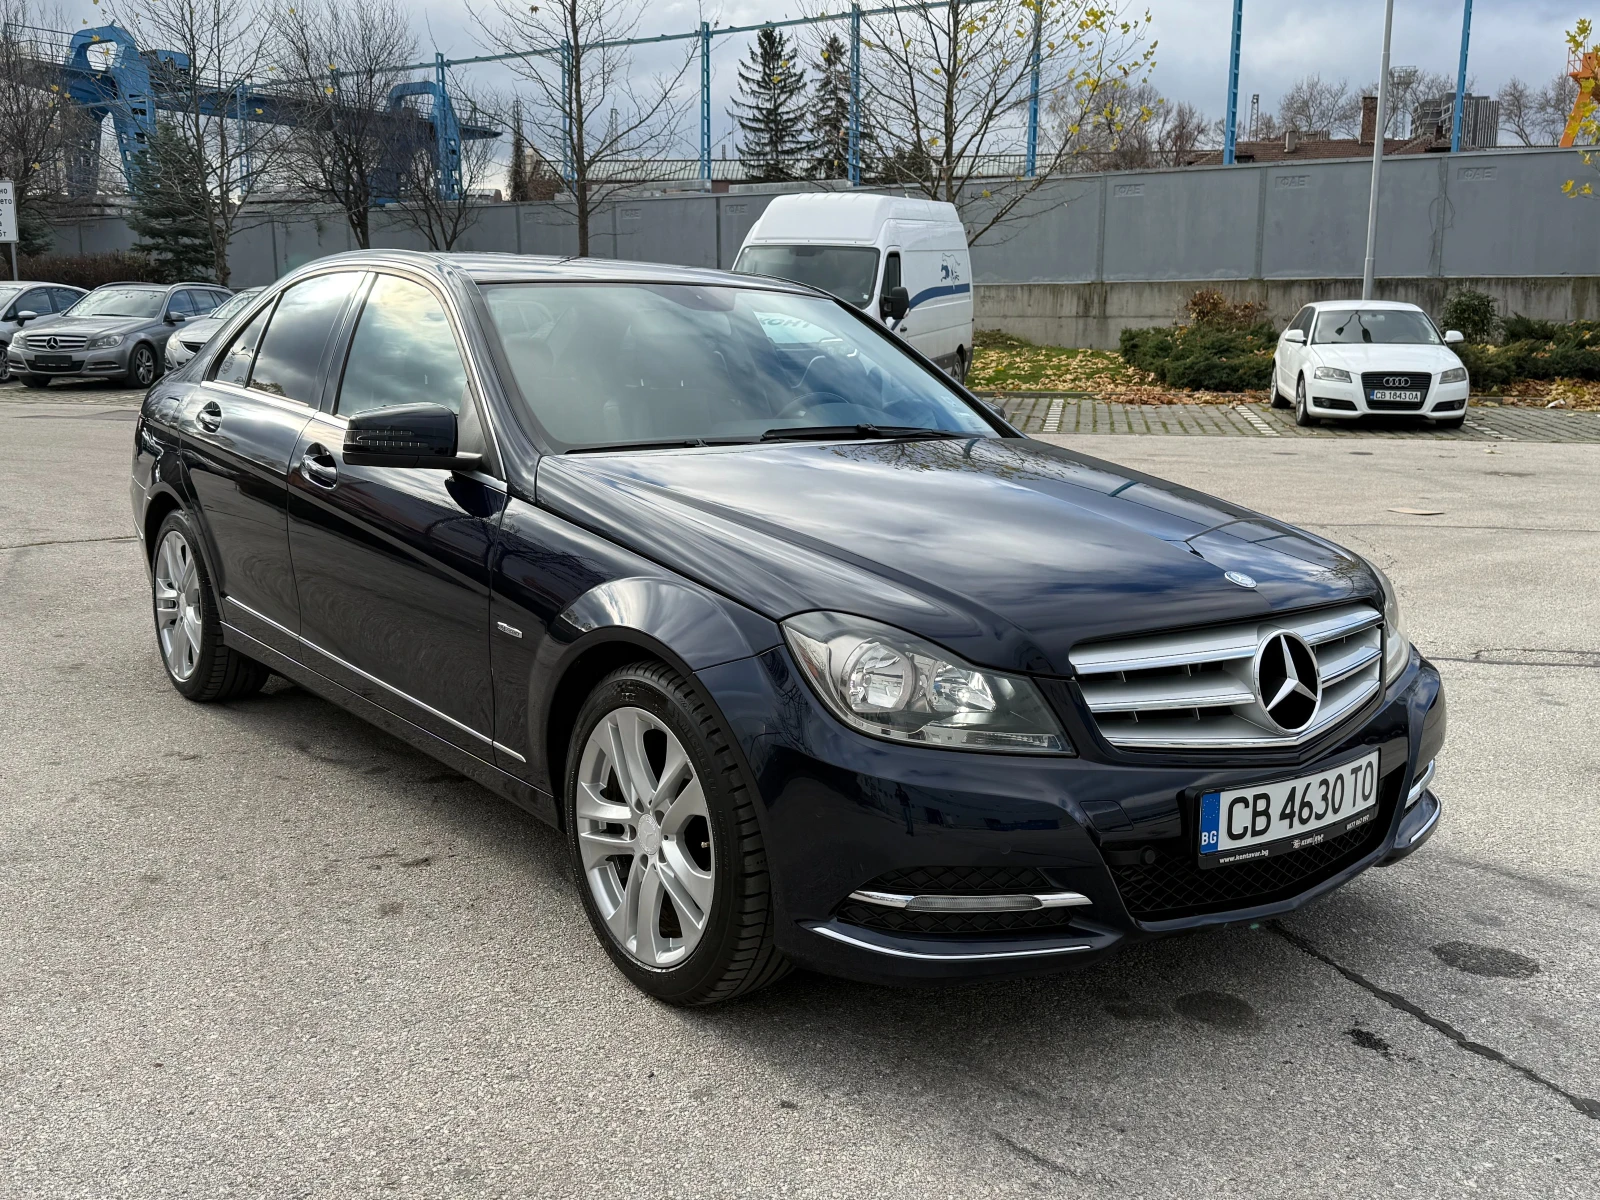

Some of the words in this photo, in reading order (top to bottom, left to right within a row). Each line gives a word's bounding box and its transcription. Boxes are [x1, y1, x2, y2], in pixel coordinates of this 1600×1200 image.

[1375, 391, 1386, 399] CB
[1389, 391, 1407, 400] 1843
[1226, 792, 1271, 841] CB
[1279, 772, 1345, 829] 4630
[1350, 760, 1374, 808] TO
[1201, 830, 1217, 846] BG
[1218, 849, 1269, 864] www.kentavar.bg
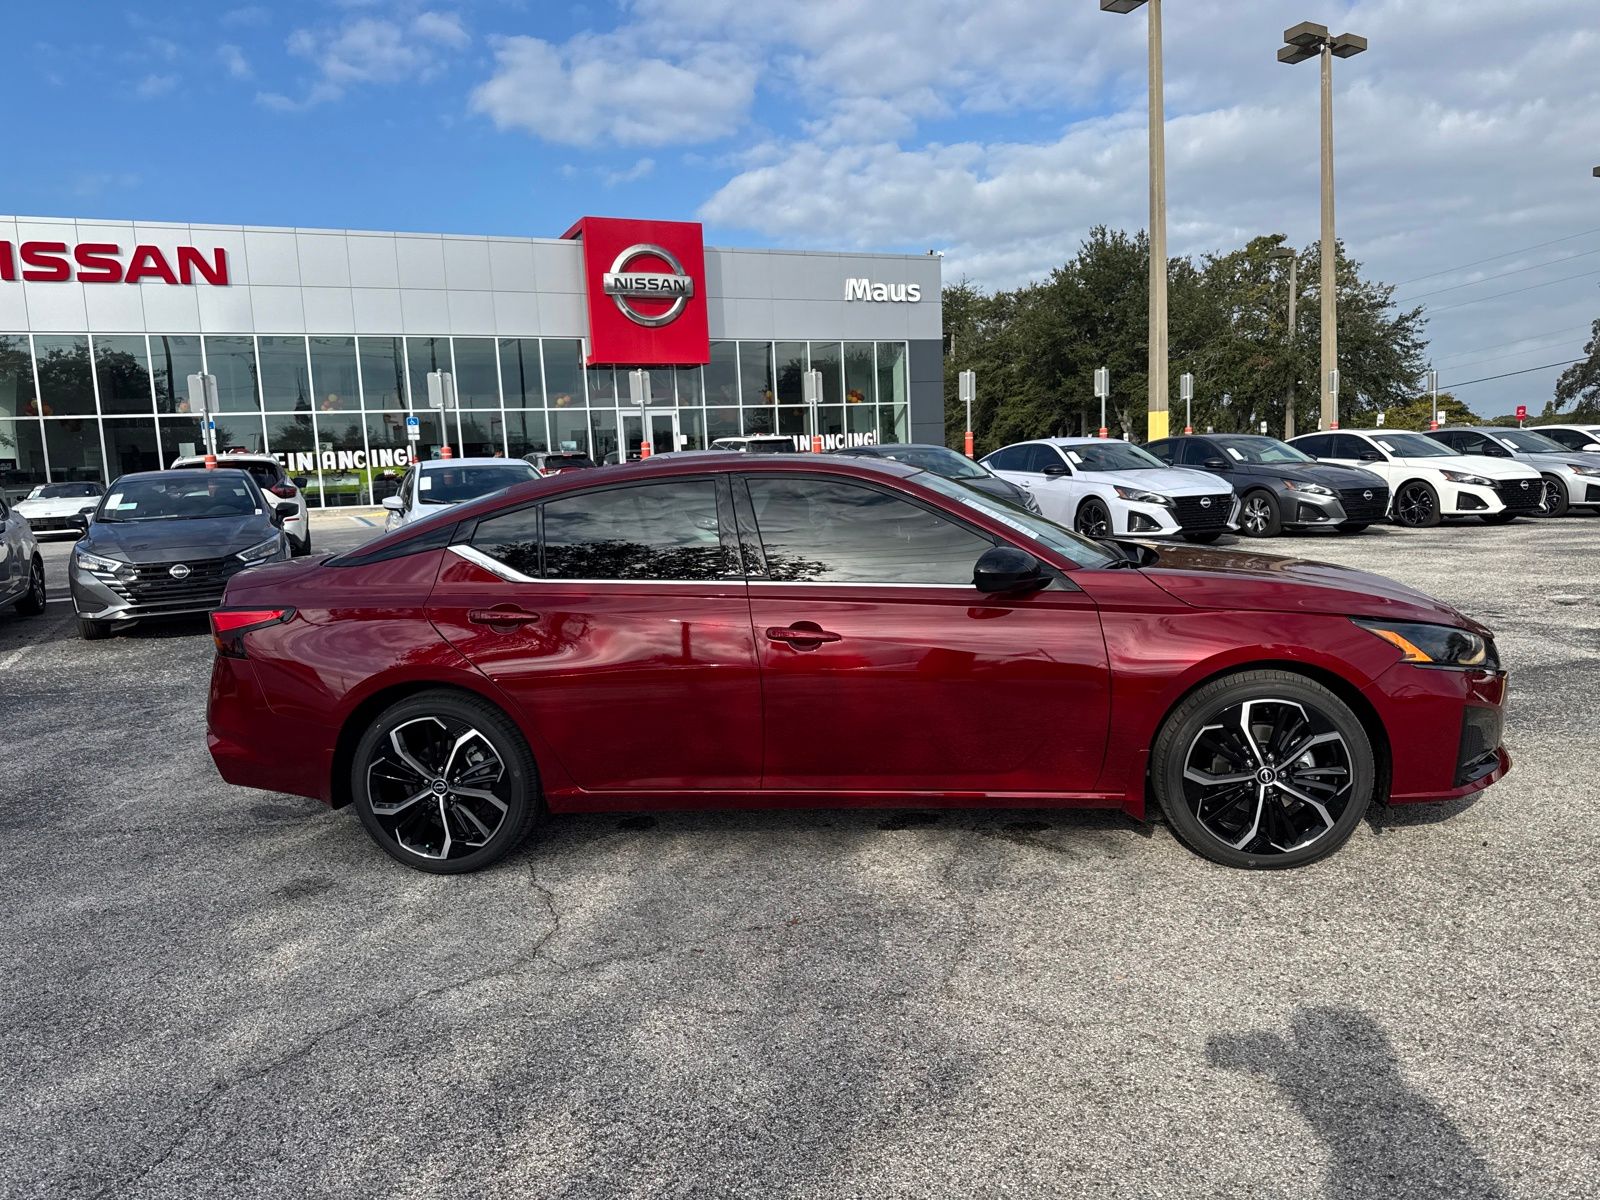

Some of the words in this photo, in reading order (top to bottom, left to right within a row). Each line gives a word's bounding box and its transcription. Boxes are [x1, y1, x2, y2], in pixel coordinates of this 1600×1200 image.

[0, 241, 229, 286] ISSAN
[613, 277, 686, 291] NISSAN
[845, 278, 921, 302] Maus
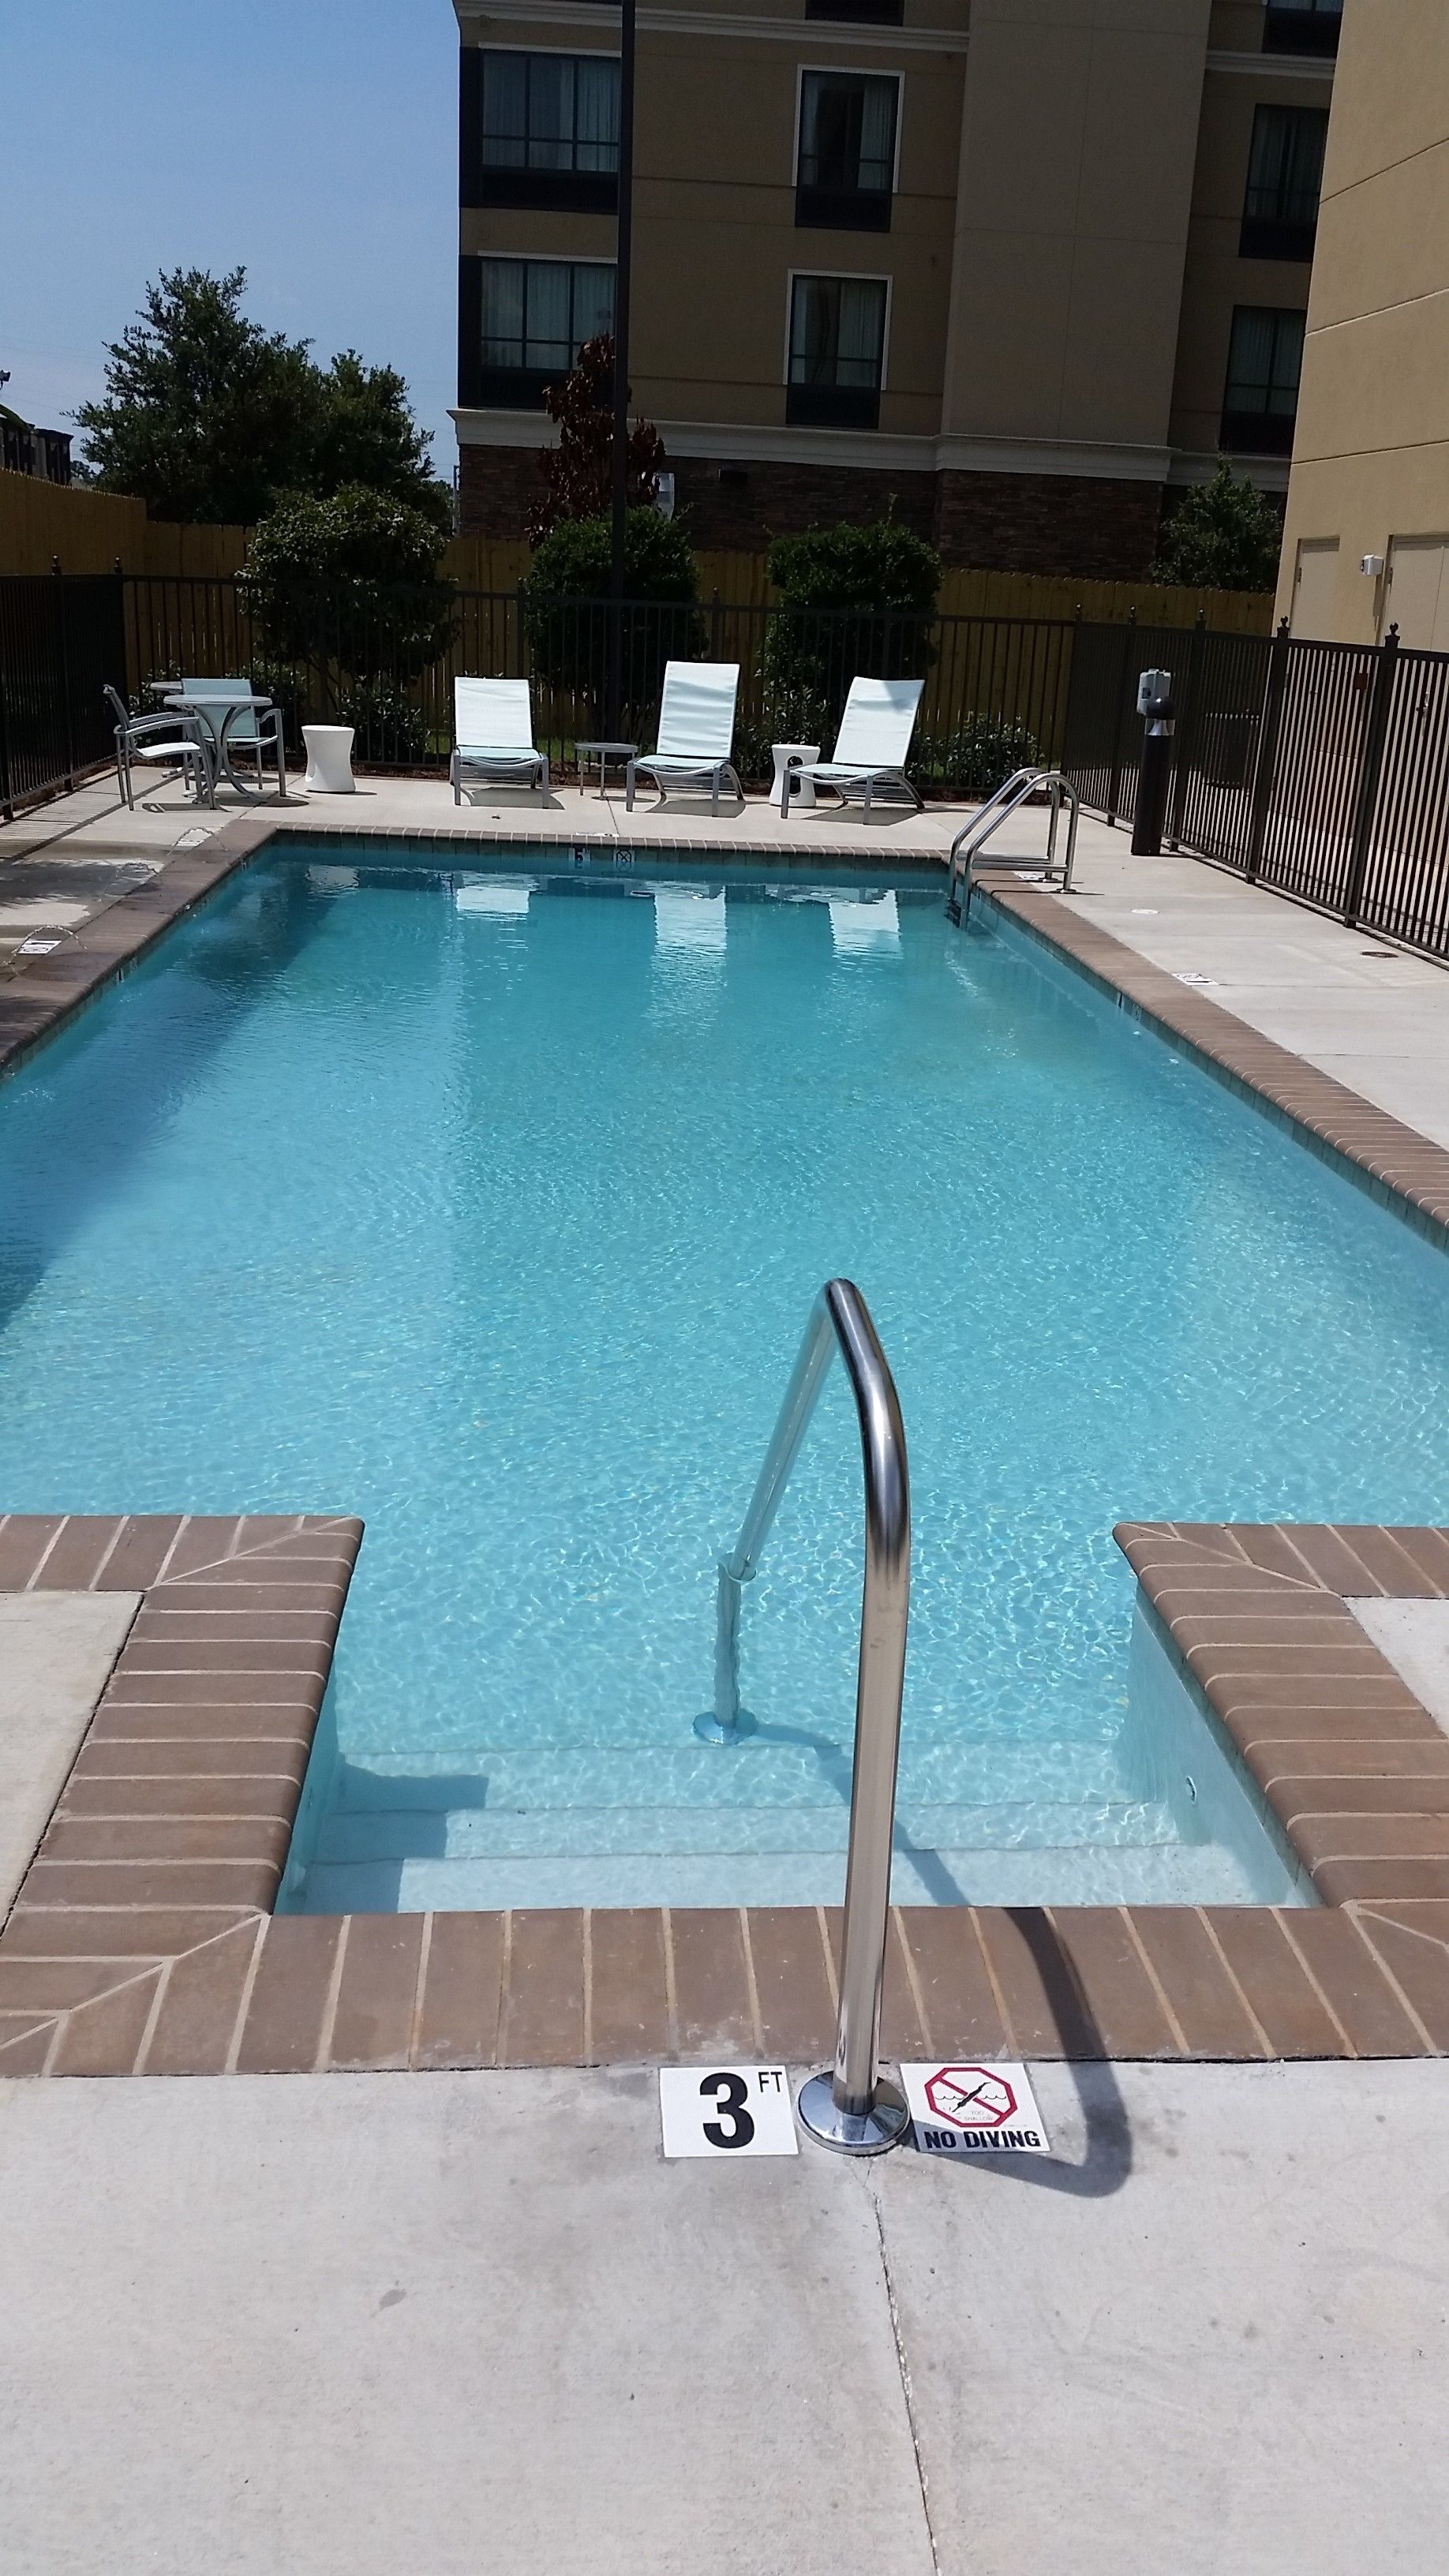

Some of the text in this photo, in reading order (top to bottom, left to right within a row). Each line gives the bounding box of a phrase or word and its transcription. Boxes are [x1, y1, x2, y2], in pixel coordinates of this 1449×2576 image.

> **Required work**
Write out the records exactly. Do not carry the pictures over.

> **Answer section**
Some of the words in this photo, in reading order (top to bottom, left to right within a row). Each line gives a word's bounding box and its transcription. Boxes are [x1, y1, x2, y2], in pixel coordinates of this 1600×1200 image.

[1375, 391, 1386, 399] CB
[1389, 391, 1407, 400] 1843
[1226, 792, 1271, 841] CB
[1279, 772, 1345, 829] 4630
[1350, 760, 1374, 808] TO
[1201, 830, 1217, 846] BG
[1218, 849, 1269, 864] www.kentavar.bg

Some of the words in this photo, in reading order (top to bottom, left to right within a row). Each line gives a word's bounding box and its transcription. Boxes are [x1, y1, x2, y2], in pixel coordinates of this 1600×1200 image.

[0, 241, 229, 286] ISSAN
[613, 277, 686, 291] NISSAN
[845, 278, 921, 302] Maus

Some of the text in this photo, in reading order (top to bottom, left to right within a row). Each line gives the bounding box of a phrase or word and its transcription. Boxes are [x1, y1, x2, y2], in pixel coordinates of this 1449×2576 image.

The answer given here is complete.